Who knows where parenthood will lead us? At one point in the spring of 2007, I found myself sitting alone on a plane heading for Memphis, Tennessee. I was on my way to visit my twenty-five year old daughter, who was living in Memphis for three months while she trained as a social work intern at St. Jude Children’s Research Hospital.

From the safety of our home in Ottawa she had arranged to rent an apartment in a secure building, close to the hospital. However, upon arrival in Memphis, she discovered that the “secure” building wasn’t always locked, she was the only occupant of the top floor, and locals advised her that the short walk from her building to the hospital was very dangerous.  During her first weekend, there were seven murders in the downtown core. The four years she had spent living in the Queen’s University “student ghetto” had not prepared her for the perils of living in downtown Memphis. In Kingston, she and the five women she had shared a house with, had never bothered to lock their door! After her first three weeks in Memphis, she still sounded downright scared, so I arranged a visit.
..........
It was worry that brought me to Memphis. For the first time in my life, I arrived alone in a strange city, rented a car, and drove in the dark, without a phone, towards an unfamiliar downtown. Like a riled mother bear, I was ready to do anything to protect my daughter.  With my arrival safely accomplished, we both relaxed and put the reason for the visit on the back burner.  I did the usual things that we all do when visiting our university-age children – I took her out for dinners and we went grocery shopping.
This weekend was the first time that we had been together, just the two of us, as tourists. Memphis offered many attractions that we both enjoyed, among them Graceland and the National Civil Rights Museum. Although Elvis Presley and Dr. Martin Luther King Jr. were icons of my youth and not hers, she too was both entertained and moved by the displays in both places.
Memphis is a city of contrasts, with its reputation of being both the Mecca of American music and yet one of its most dangerous cities. A walk along Main St. on that sunny Saturday, gave us another example of the duality that is Memphis. While trolley cars and horse drawn carriages ferried tourists along this thoroughfare, we were otherwise alone, with no other pedestrians. It seemed as if we were walking through a ghost town, with its abundance of boarded up storefronts.
At one point, we turned a corner and it seemed as if I was walking into a history book. There, at the bottom of a grassy hill, was the Lorraine Motel; the scene of that famous balcony photo; the site of Dr. King’s assassination. 

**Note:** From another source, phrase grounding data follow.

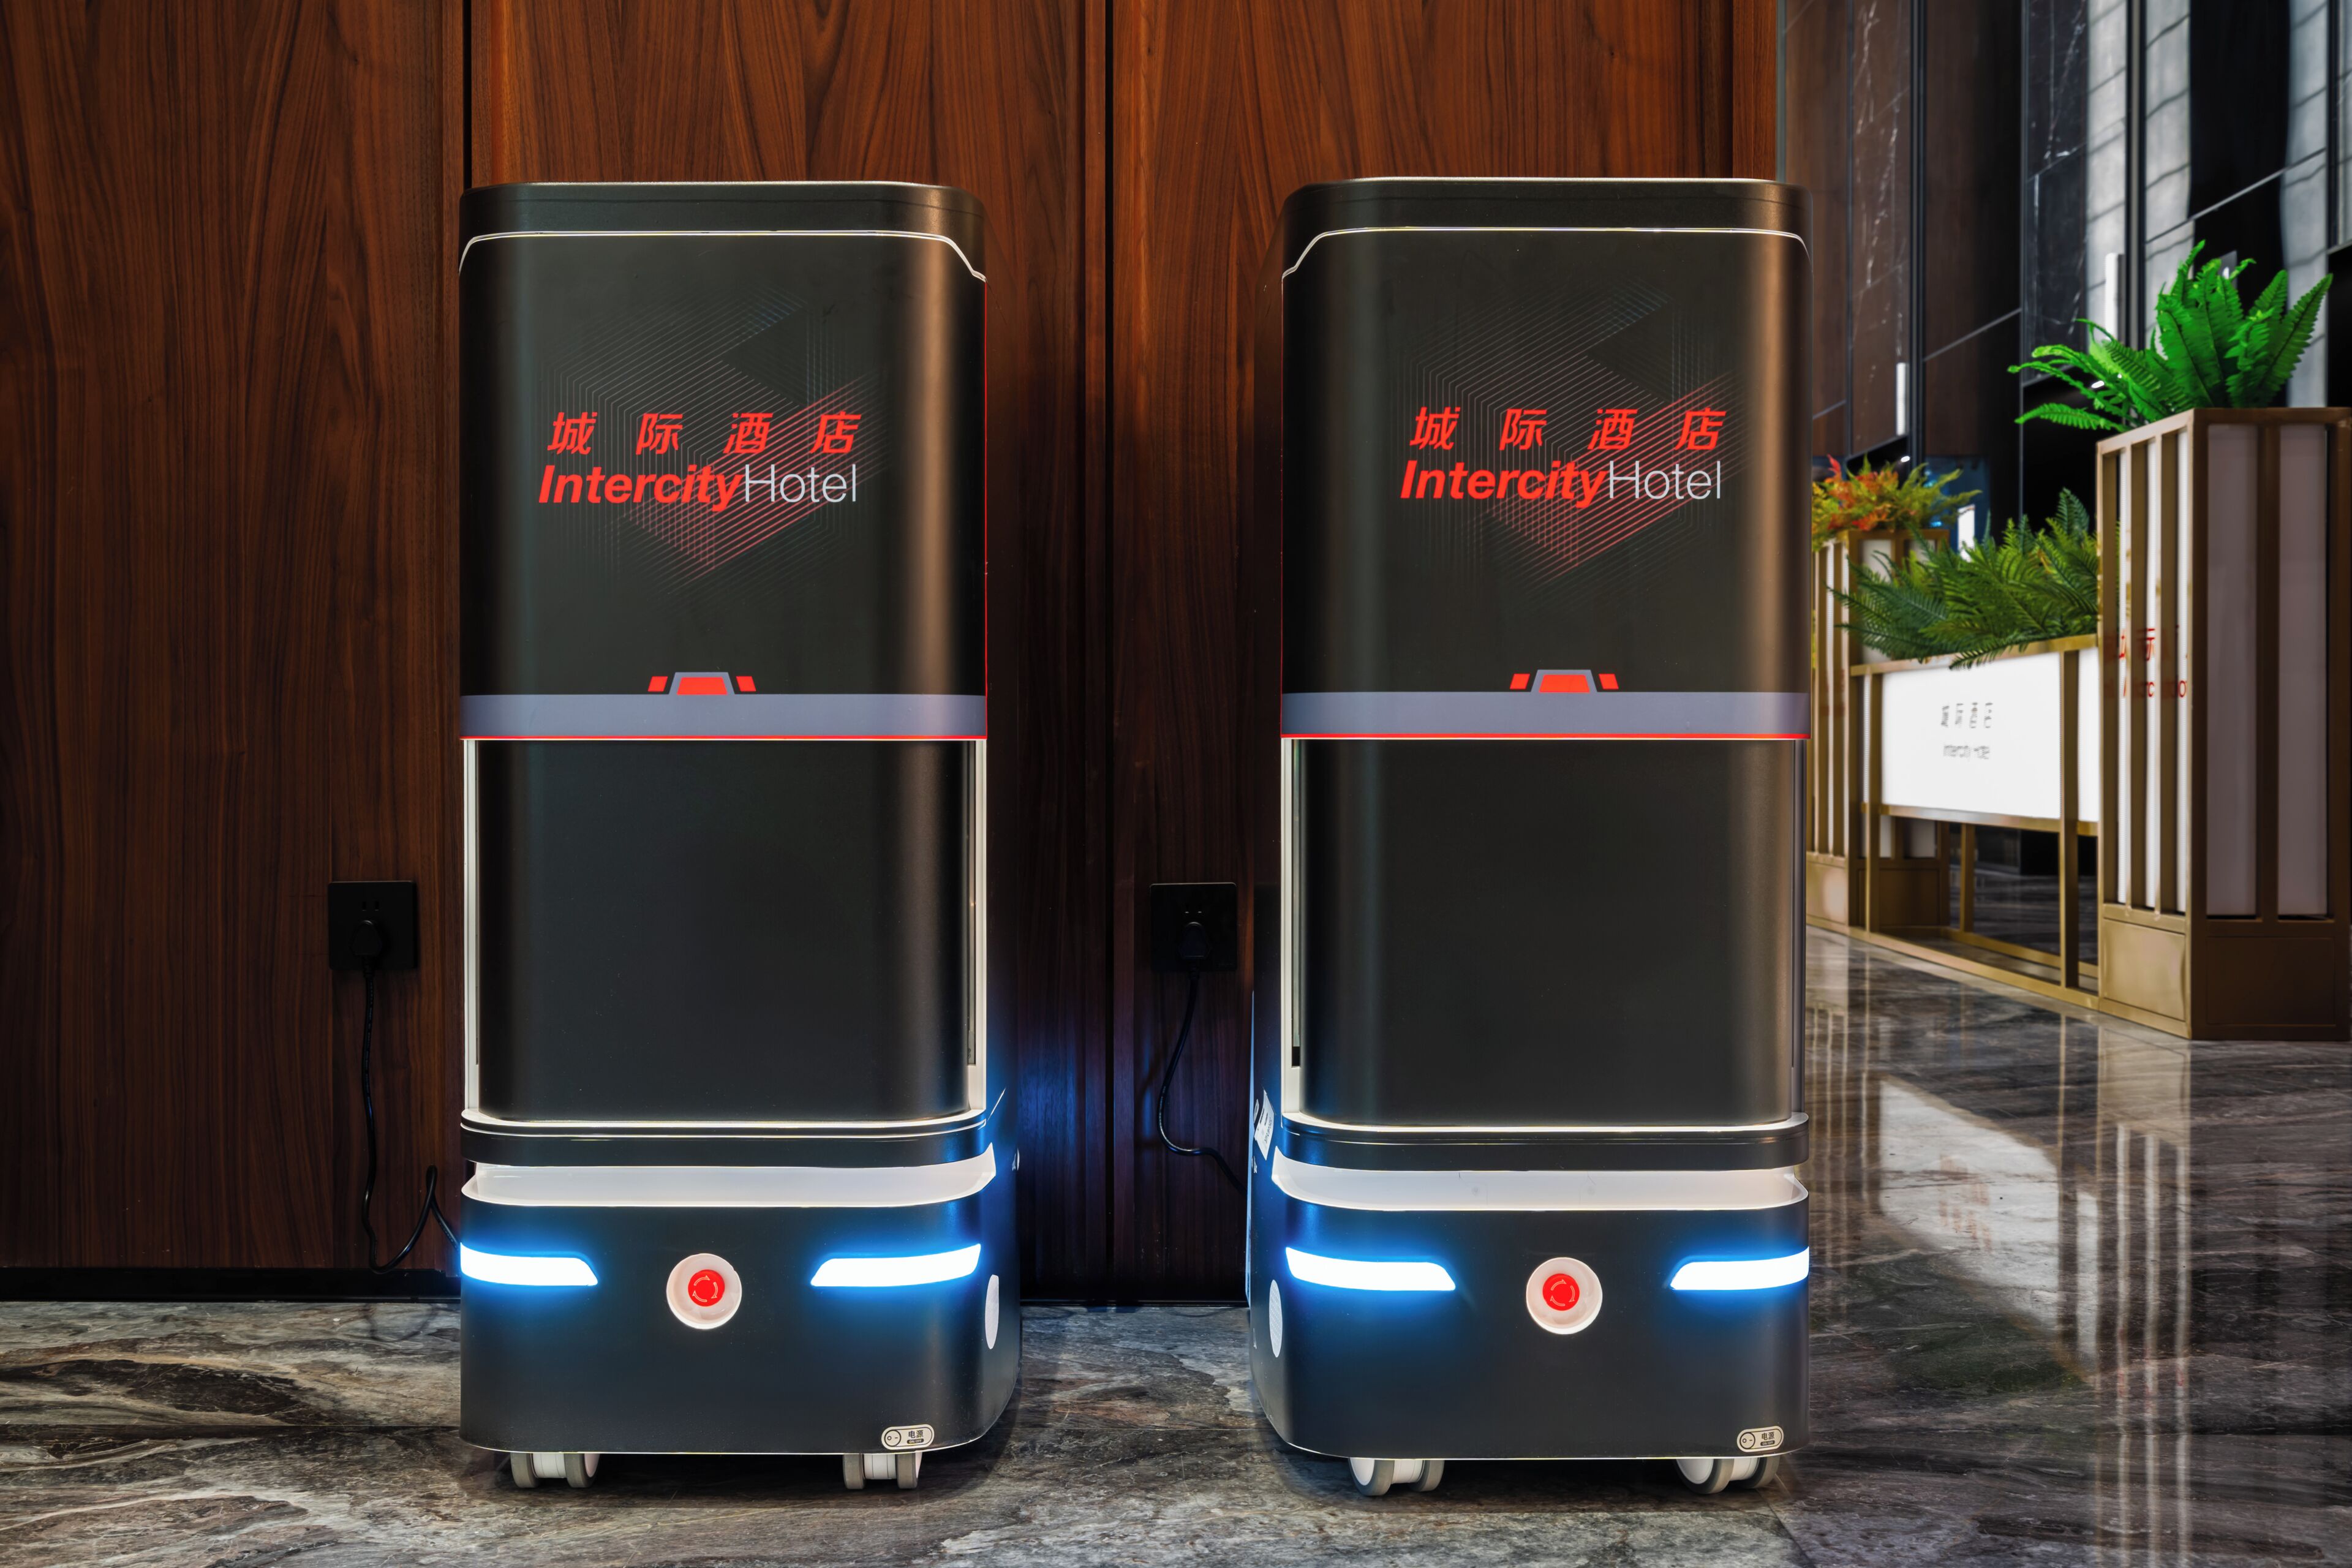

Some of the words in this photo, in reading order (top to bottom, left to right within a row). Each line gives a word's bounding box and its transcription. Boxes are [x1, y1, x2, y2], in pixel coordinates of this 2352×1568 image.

[547, 412, 861, 454] 城际酒店
[1409, 407, 1726, 450] 城际酒店
[908, 1430, 924, 1438] 电源
[1762, 1431, 1774, 1440] 电源
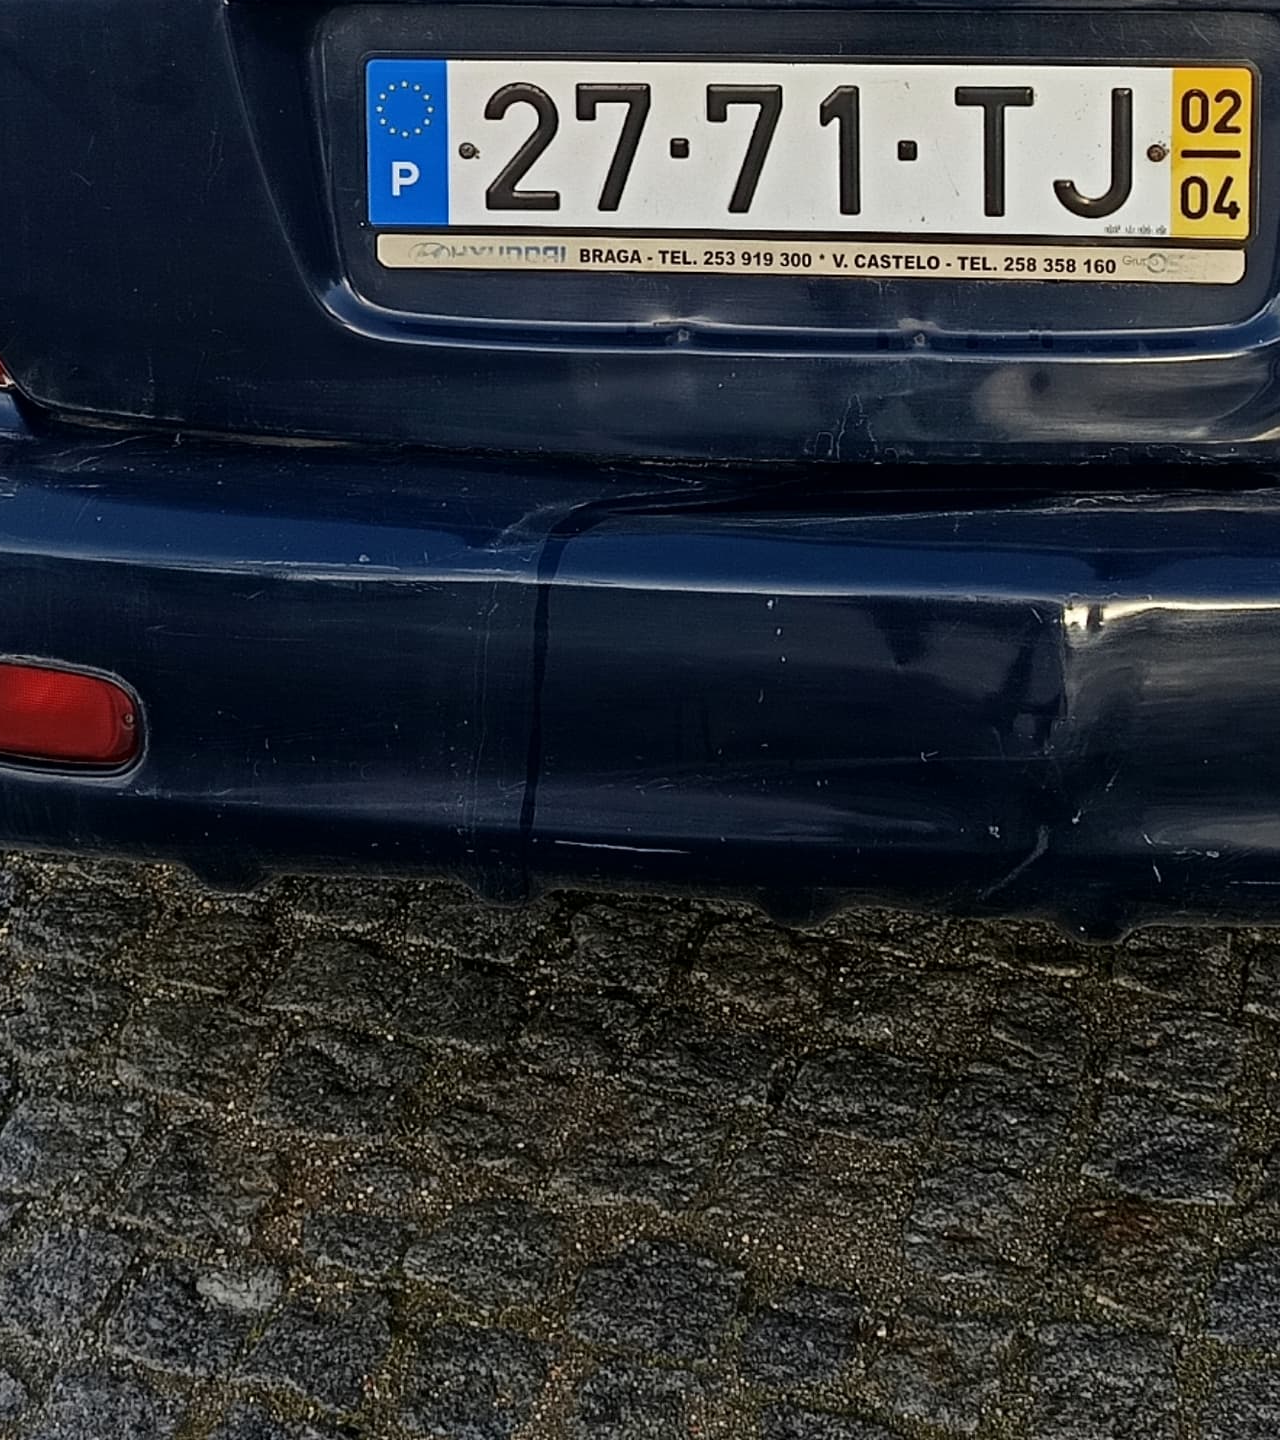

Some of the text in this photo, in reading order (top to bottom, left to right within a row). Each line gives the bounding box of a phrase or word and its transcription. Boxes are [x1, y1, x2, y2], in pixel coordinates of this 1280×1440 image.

The National Civil Rights Museum’s architects have kept the motel as the facade of the museum, complete with a couple of old, white Cadillacs parked in front. 

The displays and exhibits chronicle the significant milestones of the civil rights struggle. The climax of the tour comes when you find yourself in a hallway, with a vantage point into both Dr. King’s hotel room and the famous balcony. 

From there, you proceed across the street to the former rooming house, where the shots originated. 


This too is now part of this powerful museum, a continuation of Dr. King’s legacy. We left there, profoundly moved by what we had experienced.